##### Information given #####

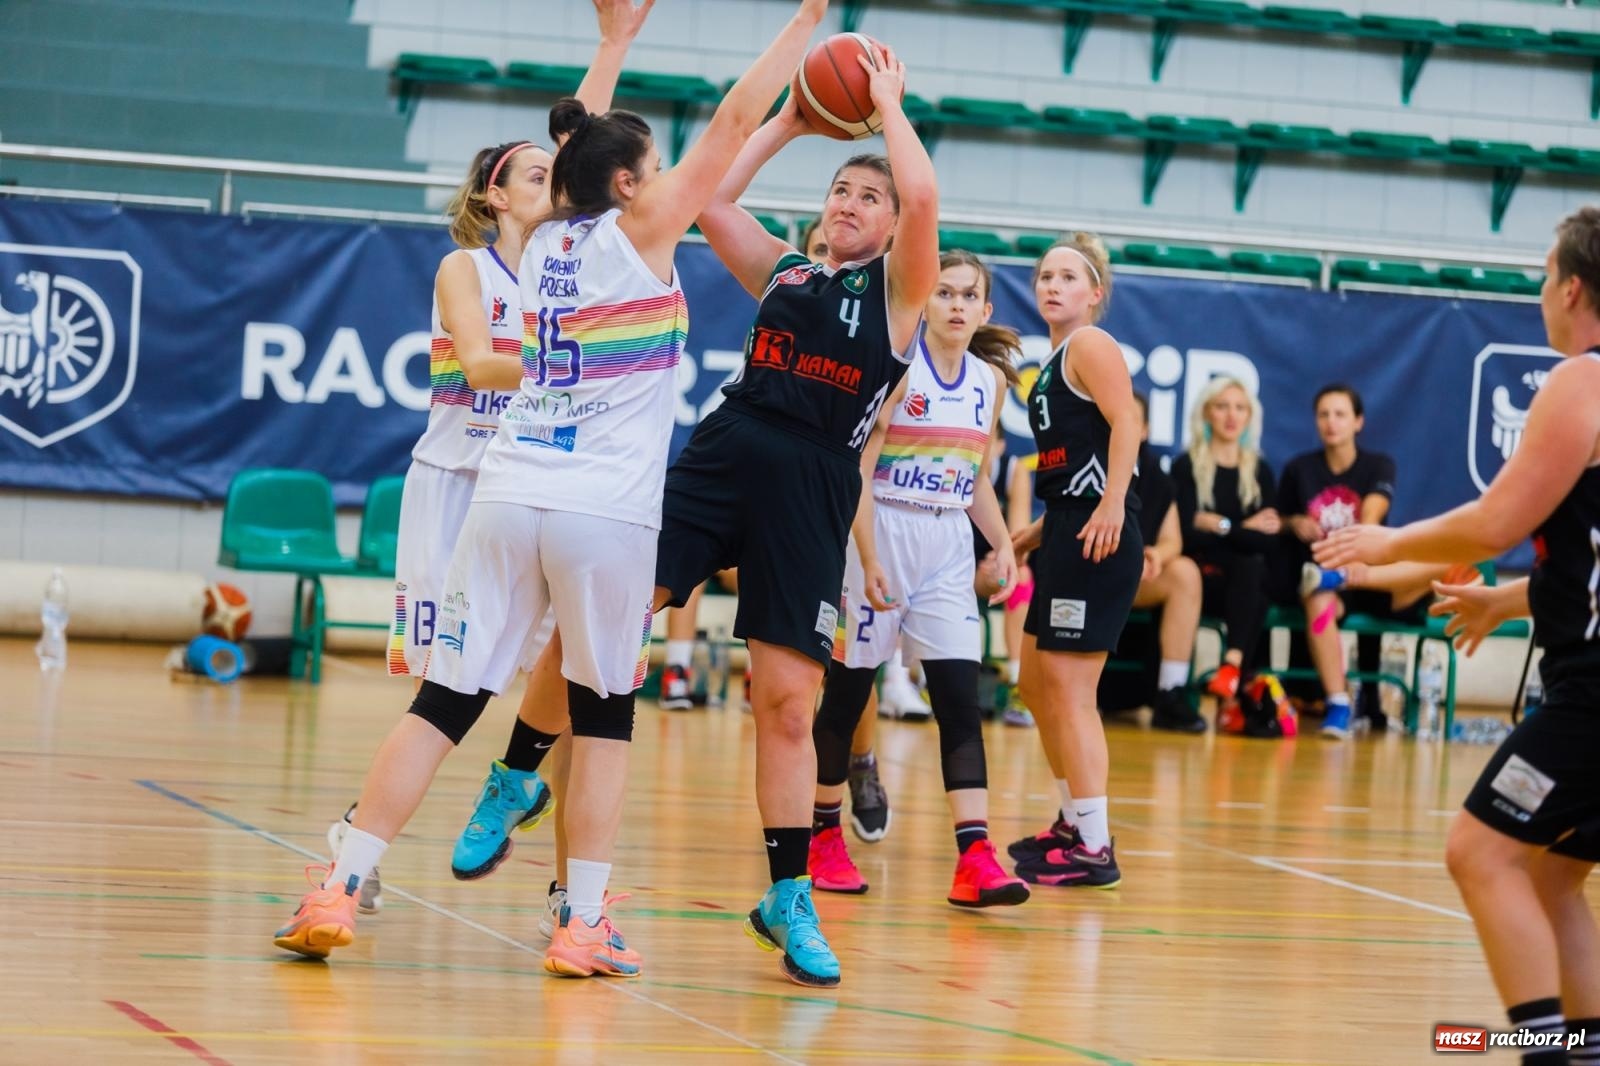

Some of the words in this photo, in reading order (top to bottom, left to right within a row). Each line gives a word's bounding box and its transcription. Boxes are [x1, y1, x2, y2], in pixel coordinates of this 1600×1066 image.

[839, 298, 860, 338] 4
[535, 307, 581, 387] 15
[796, 353, 862, 388] KAMAN
[974, 387, 984, 426] 2
[1036, 394, 1051, 431] 3
[893, 466, 974, 501] uks2kp
[414, 601, 436, 645] 13
[857, 605, 875, 643] 2
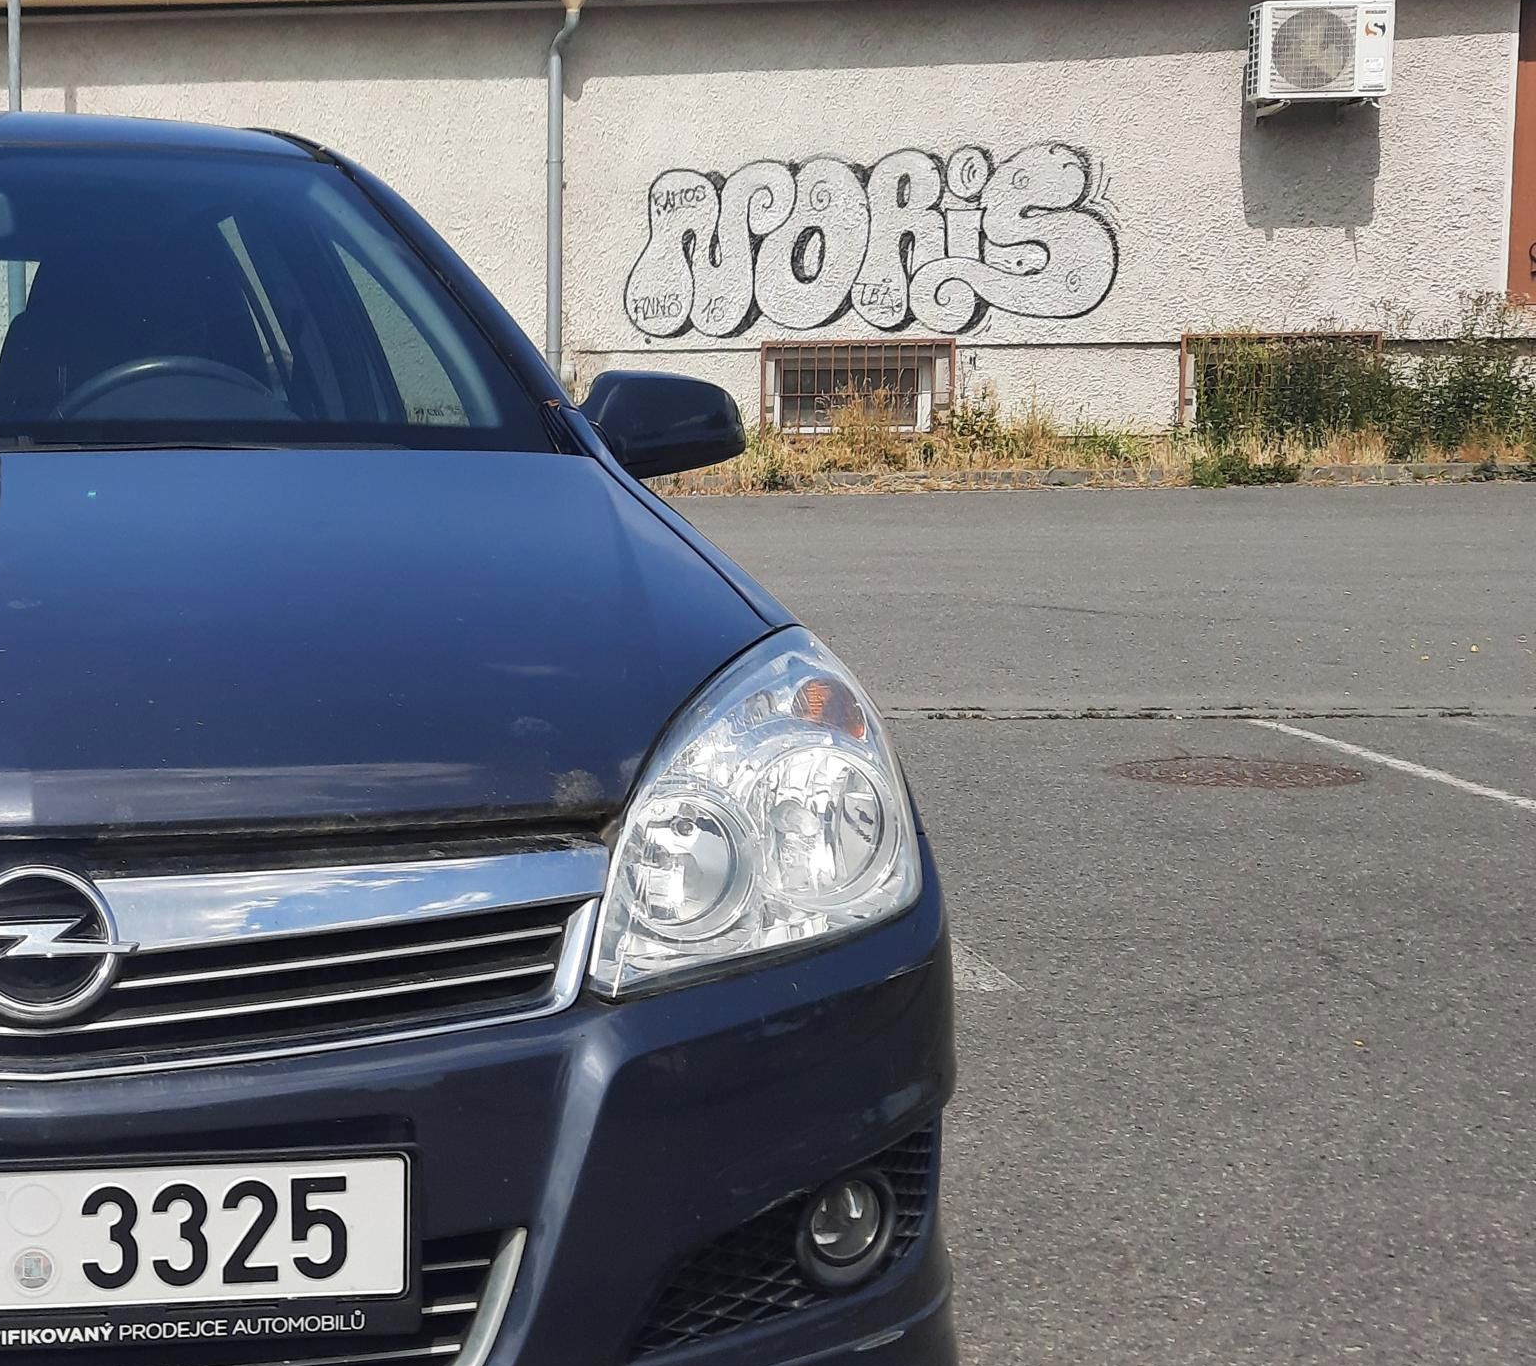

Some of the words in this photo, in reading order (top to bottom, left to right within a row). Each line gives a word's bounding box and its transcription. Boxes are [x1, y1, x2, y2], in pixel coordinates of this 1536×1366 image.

[81, 1176, 348, 1288] 3325
[119, 1321, 228, 1341] PRODEJCE
[232, 1310, 365, 1335] AUTOMOBILŮ
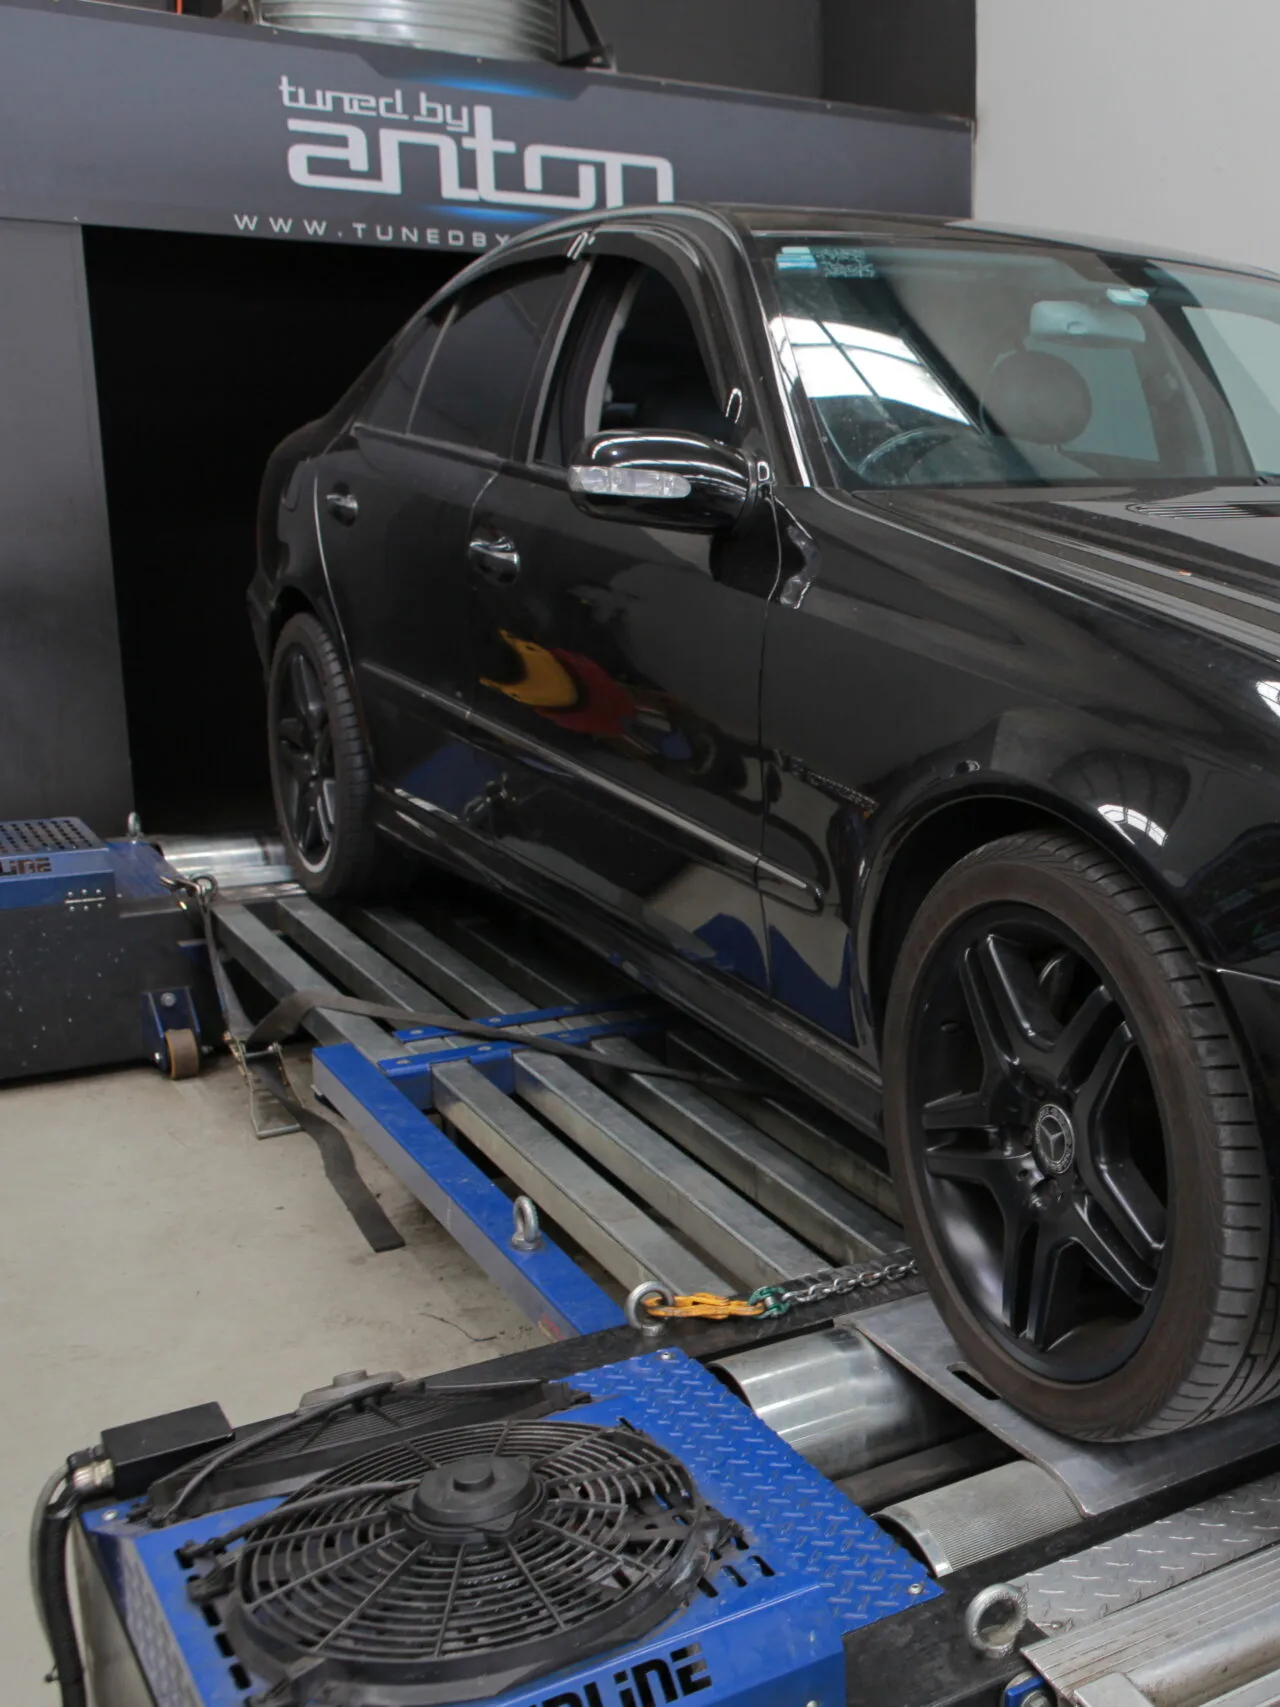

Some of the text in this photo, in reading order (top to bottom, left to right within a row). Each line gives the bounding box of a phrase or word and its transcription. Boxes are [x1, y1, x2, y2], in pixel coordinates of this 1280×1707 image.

[278, 75, 470, 132] tuned by
[287, 105, 675, 209] anton

#####

### Exercise requirements:
Starting at the line that contains "this 1536×1366 image.", return every line through the end of the records above exactly as written, and return no pictures.

### Result of this exercise:
Some of the words in this photo, in reading order (top to bottom, left to right within a row). Each line gives a word's bounding box and its transcription. Boxes are [x1, y1, x2, y2], in pixel coordinates of this 1536×1366 image.

[81, 1176, 348, 1288] 3325
[119, 1321, 228, 1341] PRODEJCE
[232, 1310, 365, 1335] AUTOMOBILŮ

Some of the text in this photo, in reading order (top to bottom, left to right within a row). Each line gives the bounding box of a phrase or word and its transcription. Boxes are [x1, y1, x2, y2], in pixel coordinates of this 1280×1707 image.

[278, 75, 470, 132] tuned by
[287, 105, 675, 209] anton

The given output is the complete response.